(WLNS) – When it rains, sewers are supposed to do the job of catching all the raw water filled with oil, sludge, bacteria and drainage, but in Lansing, those sewers overflow, leading to sewage dumping into City rivers.
Lansing has a long way to go before being where they want to be with safely disposing storm water and sewage.
The Grand River along with the Red Cedar River are both filled with sewage dumped after rainfall, but the City says the amount and frequency needs to change.
In Michigan, all cities and townships are required to report to the Department of Environmental Quality when they dump into water ways.
“This is not right and we need to move to try and right this wrong,” Director of Lansing Public Services Chad Gamble said.
Gamble says Lansing isn’t the only place impacted by the dumping.
“Whatever we do here in the City of Lansing impacts not only us but everything downstream as well,” Gamble said.
Lansing reported 7 discharges in July alone, but the standards the City is trying to reach are far from where they stand now.
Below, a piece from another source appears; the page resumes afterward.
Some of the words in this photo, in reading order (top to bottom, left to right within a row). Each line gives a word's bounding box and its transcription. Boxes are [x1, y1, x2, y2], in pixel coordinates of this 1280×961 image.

“Frequency of those discharges should be something in the neighborhood of no more than once every ten years,” Michigan Department of Environmental Quality Environmental Engineer Chuck Bennett said.
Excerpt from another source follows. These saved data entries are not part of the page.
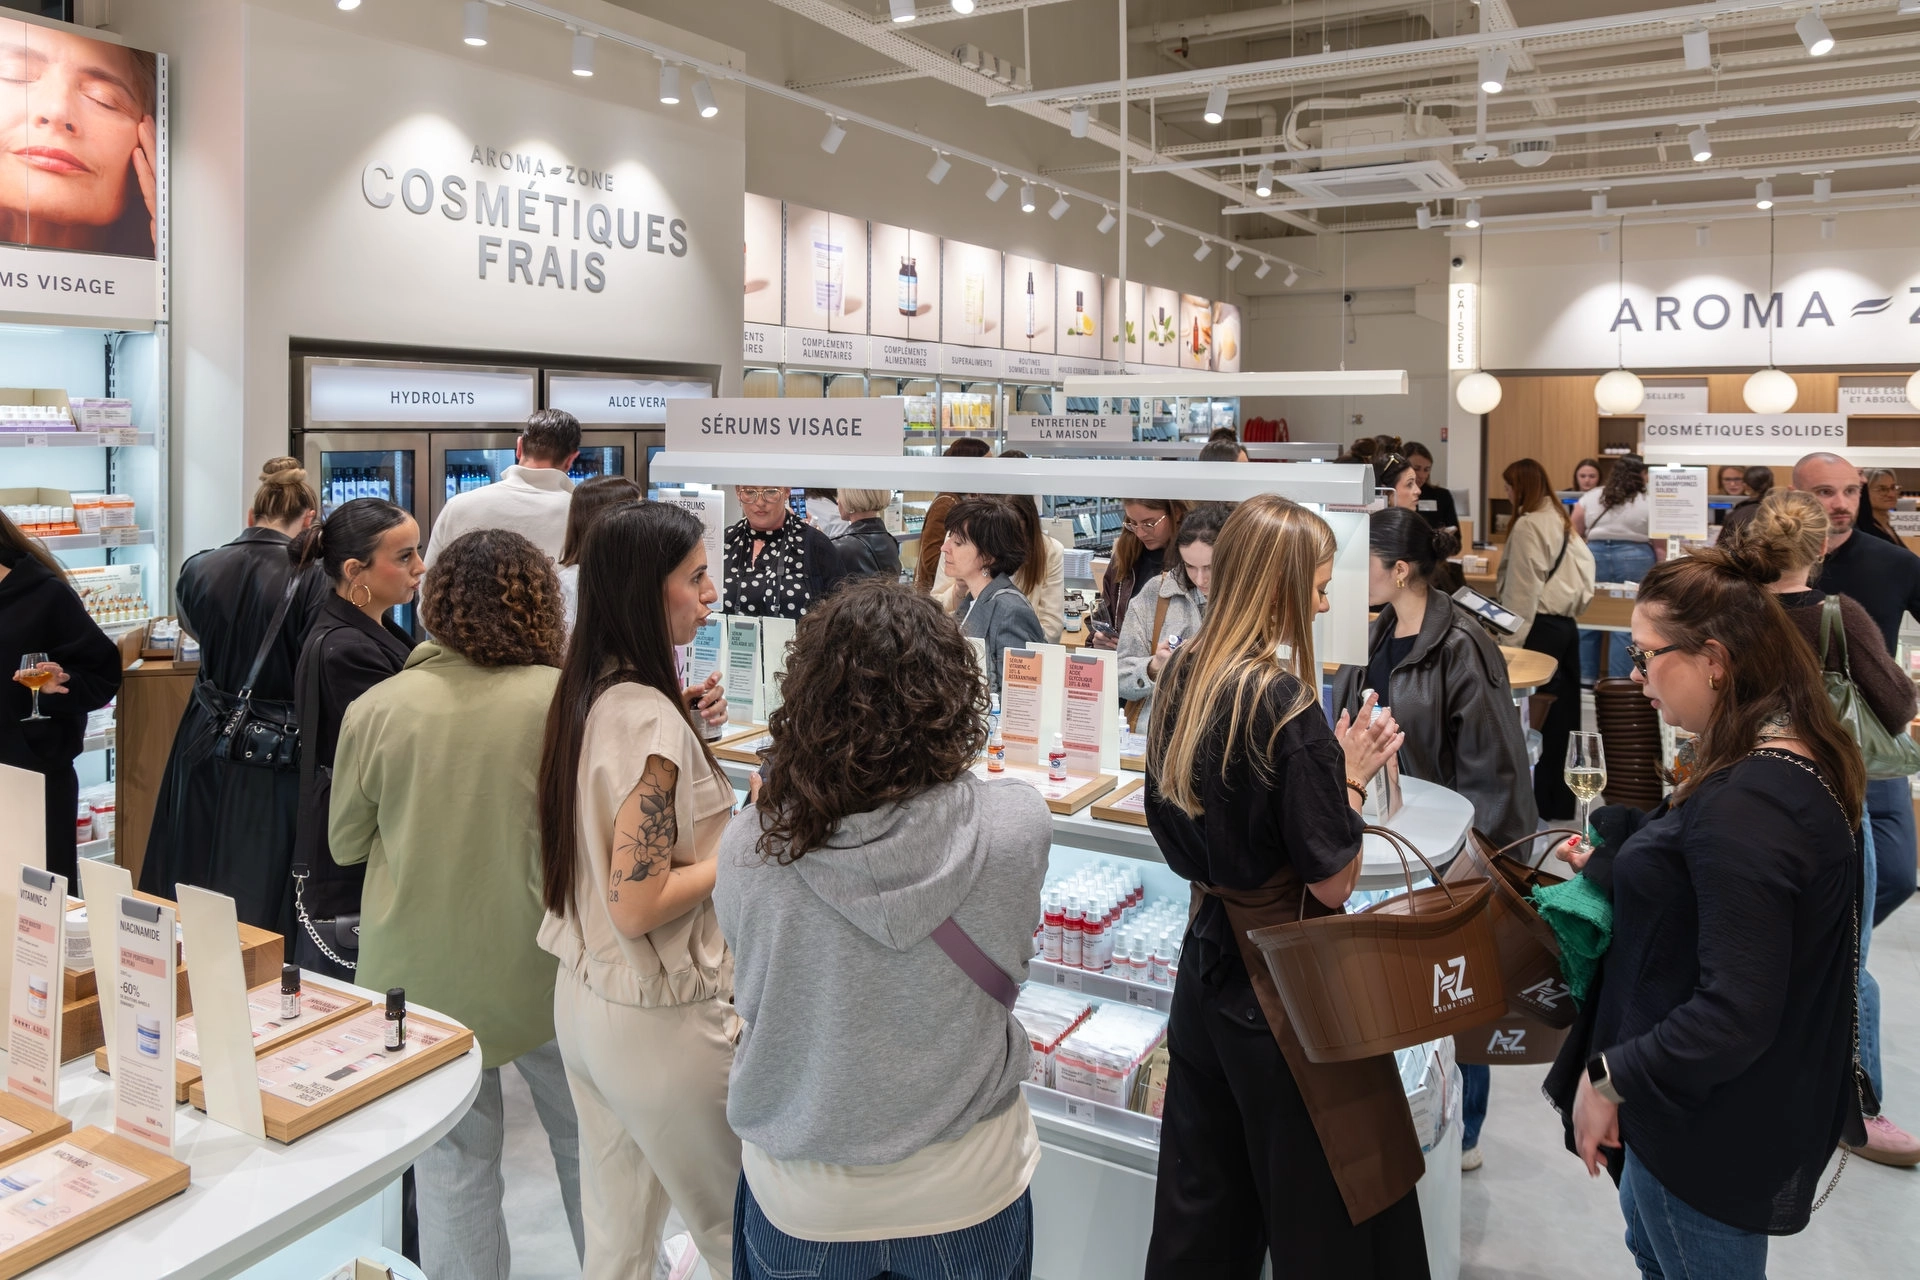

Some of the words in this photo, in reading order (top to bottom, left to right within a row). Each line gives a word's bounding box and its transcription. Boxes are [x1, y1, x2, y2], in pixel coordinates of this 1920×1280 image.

[470, 144, 546, 178] AROMA
[566, 165, 614, 192] ZONE
[361, 159, 688, 258] COSMÉTIQUES
[478, 235, 606, 293] FRAIS
[38, 274, 116, 295] VISAGE
[1609, 291, 1835, 332] AROMA
[1457, 289, 1465, 363] CAISSES
[802, 336, 853, 350] COMPLÉMENTS
[802, 349, 852, 361] ALIMENTAIRES
[884, 345, 928, 357] COMPLÉMENTS
[884, 356, 927, 367] ALIMENTAIRES
[951, 356, 993, 368] SUPERALIMENTS
[1018, 357, 1041, 366] ROUTINES
[1008, 366, 1029, 375] SOMMEIL
[1034, 368, 1050, 376] STRESS
[390, 391, 475, 405] HYDROLATS
[608, 396, 636, 408] ALOE
[639, 396, 666, 408] VERA
[701, 413, 781, 435] SÉRUMS
[788, 417, 862, 436] VISAGE
[1031, 418, 1089, 428] ENTRETIEN
[1093, 418, 1107, 428] DE
[1647, 422, 1765, 437] COSMÉTIQUES
[1771, 424, 1844, 437] SOLIDES
[1040, 430, 1052, 439] LA
[1055, 430, 1098, 439] MAISON
[612, 869, 623, 887] 19
[20, 888, 43, 906] VITAMINE
[43, 897, 48, 907] C
[609, 890, 619, 903] 28
[120, 920, 160, 942] NIACINAMIDE
[120, 982, 140, 998] -60%
[1487, 1030, 1526, 1051] AZ
Lansing has already spent decades and $355 million on a project, and dumps just under 1 billion gallons a year into the rivers, a decrease from the 1.6 billion gallon average the City dumped in the early 90s.
“What brings it down are these massive infrastructure projects that take a lot of money and a lot of time,” Gamble said.
Despite the cost of another $400 million to go before these problems are fixed, Bennett says the issue hits closer to home here, than almost anywhere else in the country.
“Our great lakes, our water resources are the most important things that makes Michigan what it is,” Bennett said.
Because there is no quick fix, substantial changes may take up to 40 years before the water ways see a significant decrease in discharge.